"""

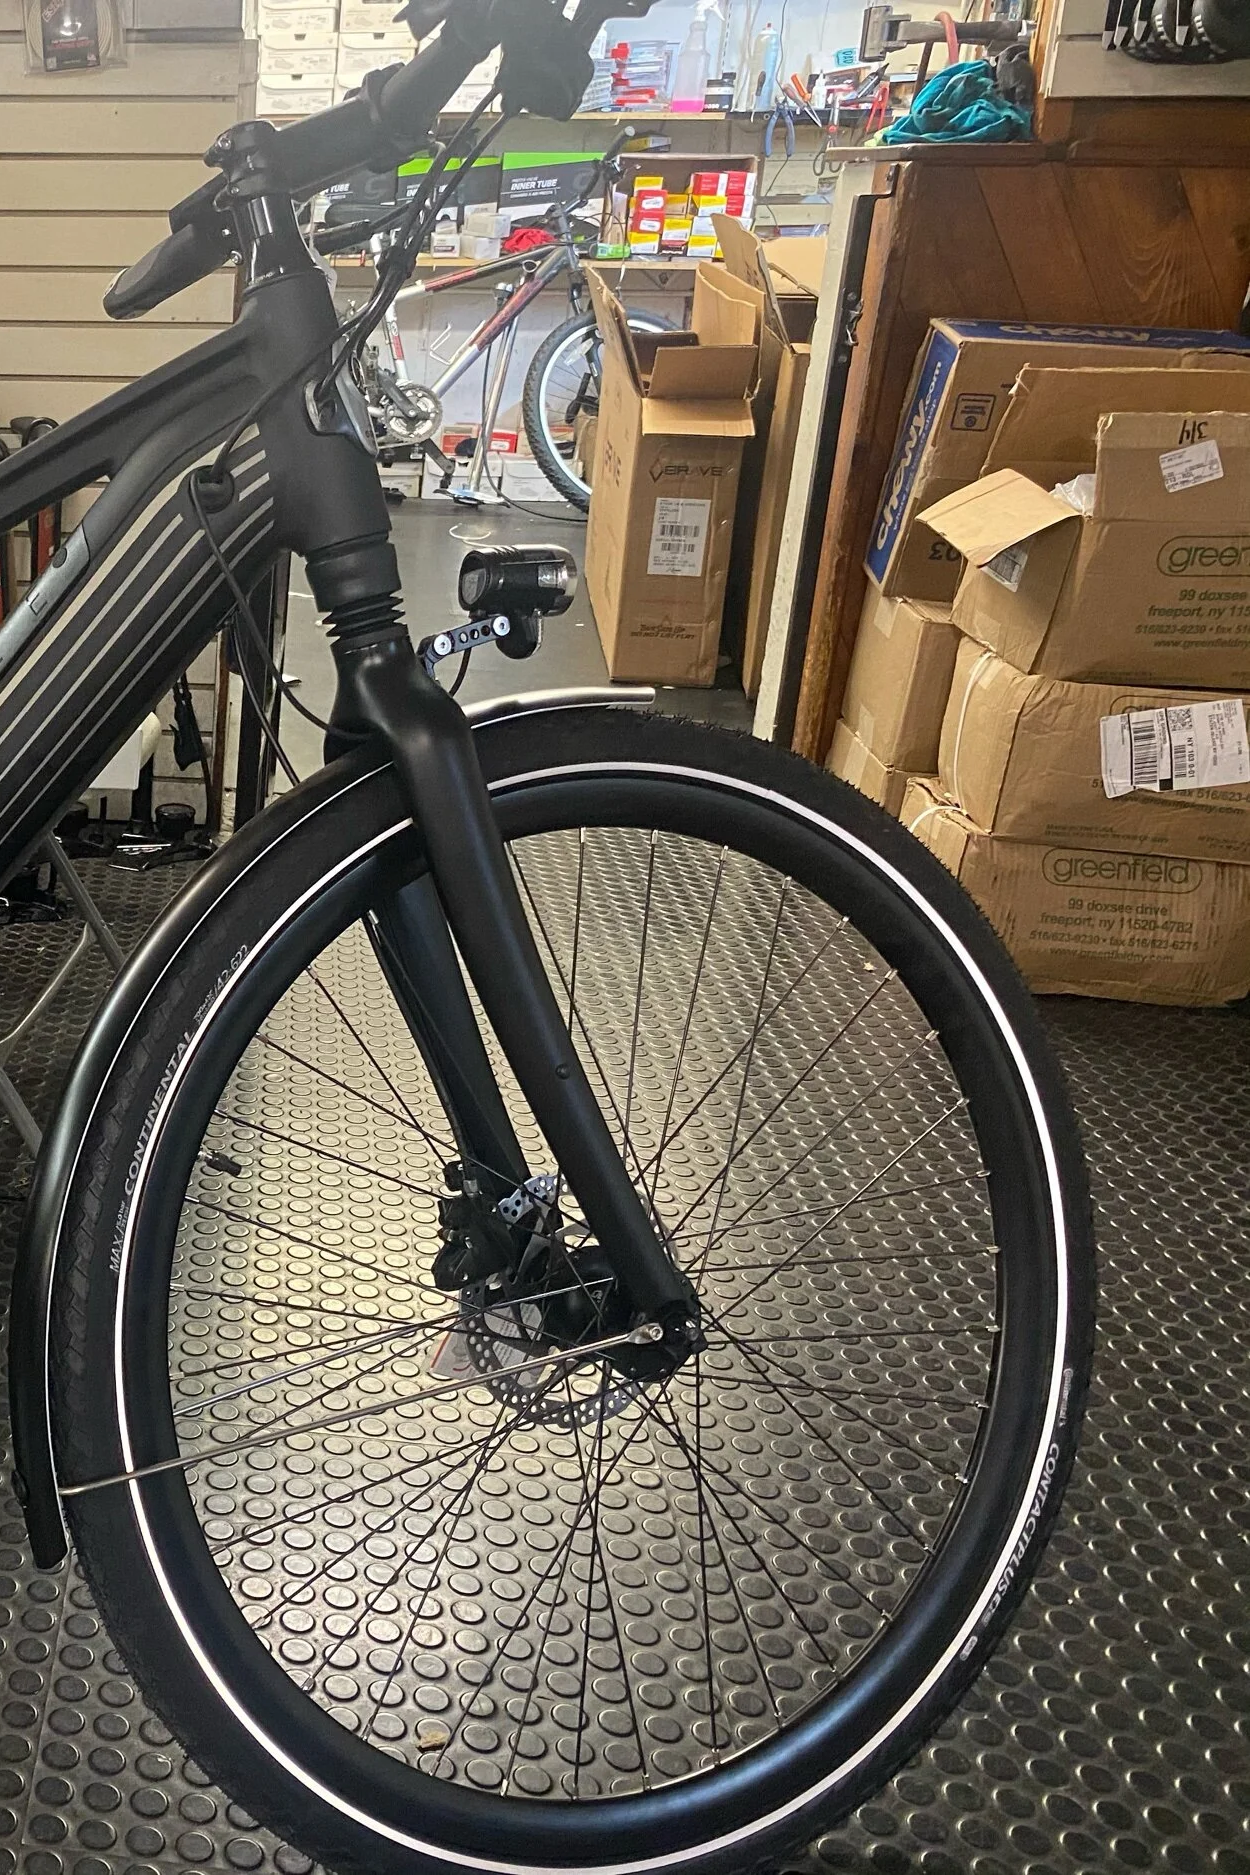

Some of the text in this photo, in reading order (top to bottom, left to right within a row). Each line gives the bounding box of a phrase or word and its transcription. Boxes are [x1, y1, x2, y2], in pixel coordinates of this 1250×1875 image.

[510, 181, 536, 191] INNER
[537, 178, 558, 189] TUBE
[1179, 588, 1196, 602] 99
[1207, 607, 1226, 620] ny
[1186, 737, 1194, 747] NY
[1053, 857, 1189, 885] greenfield
[1067, 897, 1168, 917] 99 doxsee drive
[1040, 911, 1095, 929] freeport,
[1099, 918, 1115, 931] ny
[1109, 934, 1125, 947] fax
[125, 1030, 195, 1197] CONTINENTAL
[997, 1442, 1060, 1596] CONTACTPLUS
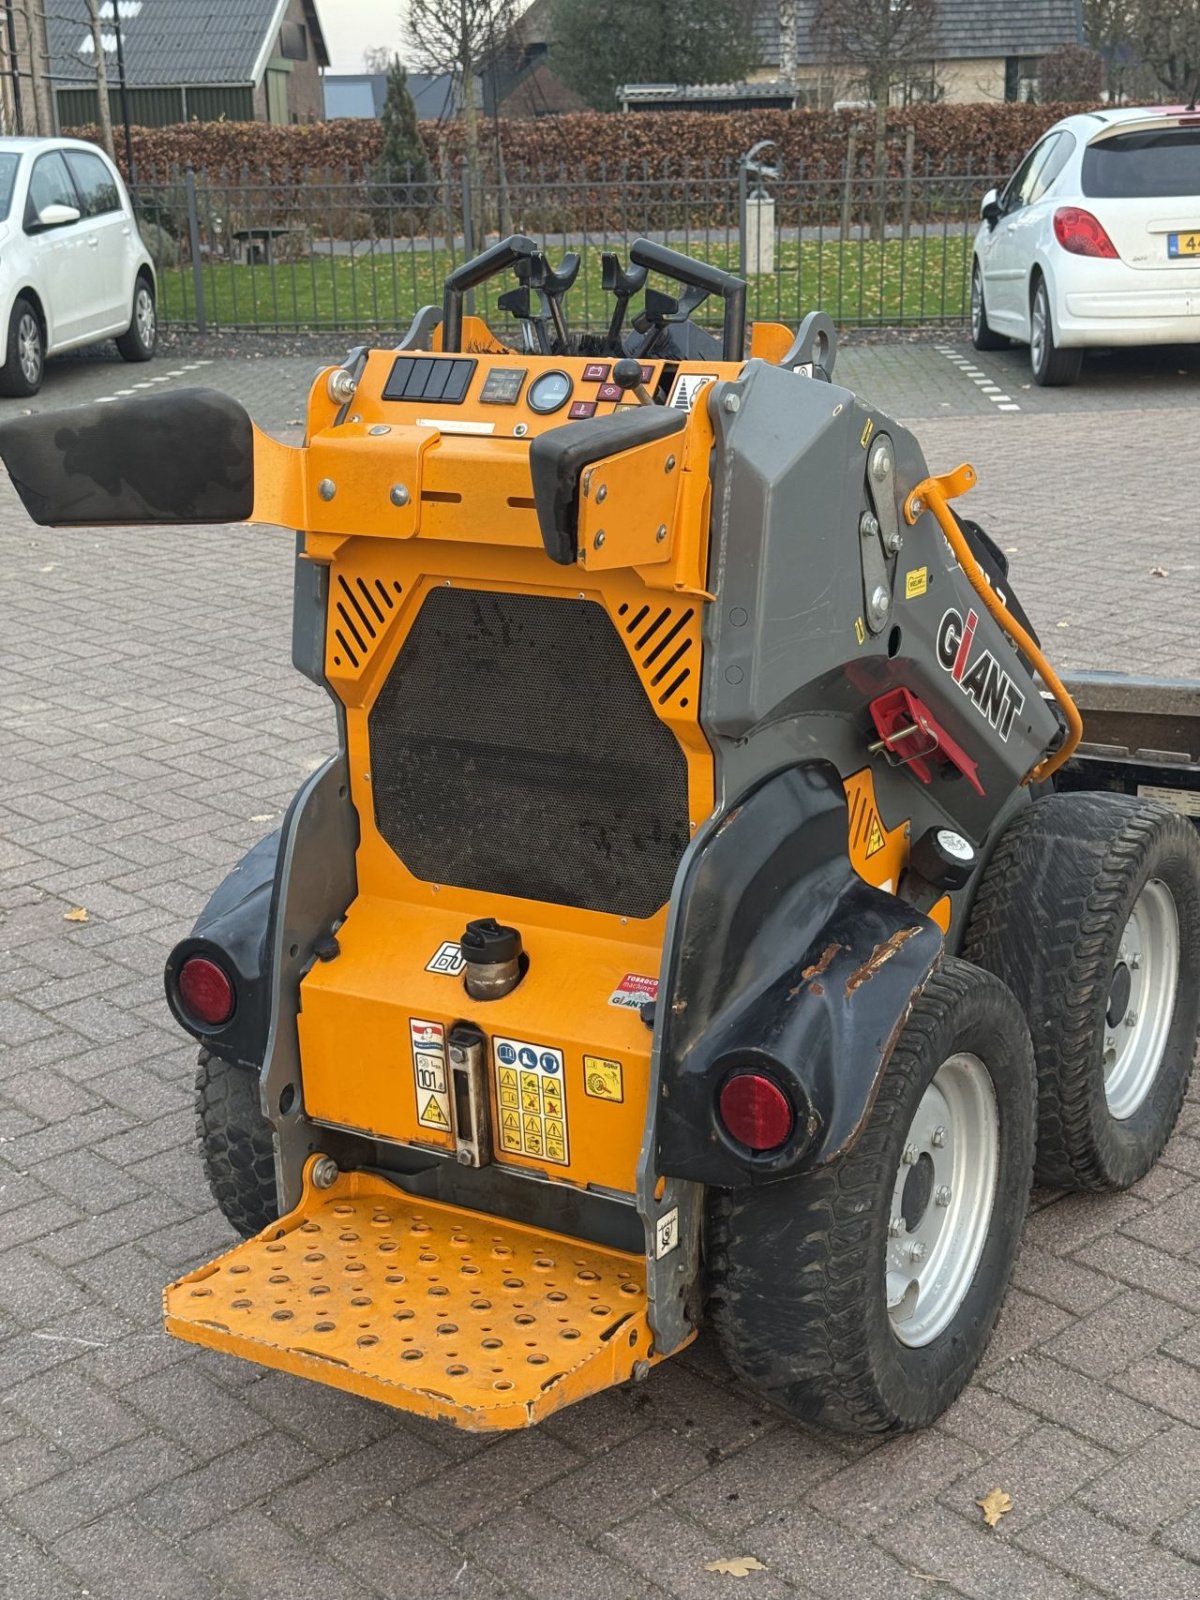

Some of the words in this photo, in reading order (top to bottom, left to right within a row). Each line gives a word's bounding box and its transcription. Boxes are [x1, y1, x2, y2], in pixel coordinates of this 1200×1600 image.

"""

> **What you need to do**: Print the listing word for word but skip its pictures.

> **Solution for this task**:
Some of the text in this photo, in reading order (top to bottom, left to right within a row). Each line gives the bounding box of a phrase or word and its transcription. Boxes are [x1, y1, x2, y2], in pixel coordinates of this 1250×1875 image.

[510, 181, 536, 191] INNER
[537, 178, 558, 189] TUBE
[1179, 588, 1196, 602] 99
[1207, 607, 1226, 620] ny
[1186, 737, 1194, 747] NY
[1053, 857, 1189, 885] greenfield
[1067, 897, 1168, 917] 99 doxsee drive
[1040, 911, 1095, 929] freeport,
[1099, 918, 1115, 931] ny
[1109, 934, 1125, 947] fax
[125, 1030, 195, 1197] CONTINENTAL
[997, 1442, 1060, 1596] CONTACTPLUS

Some of the words in this photo, in reading order (top to bottom, left to right within a row). Each line gives a word's bounding box and its transcription. Boxes are [x1, y1, x2, y2], in pixel coordinates of this 1200×1600 image.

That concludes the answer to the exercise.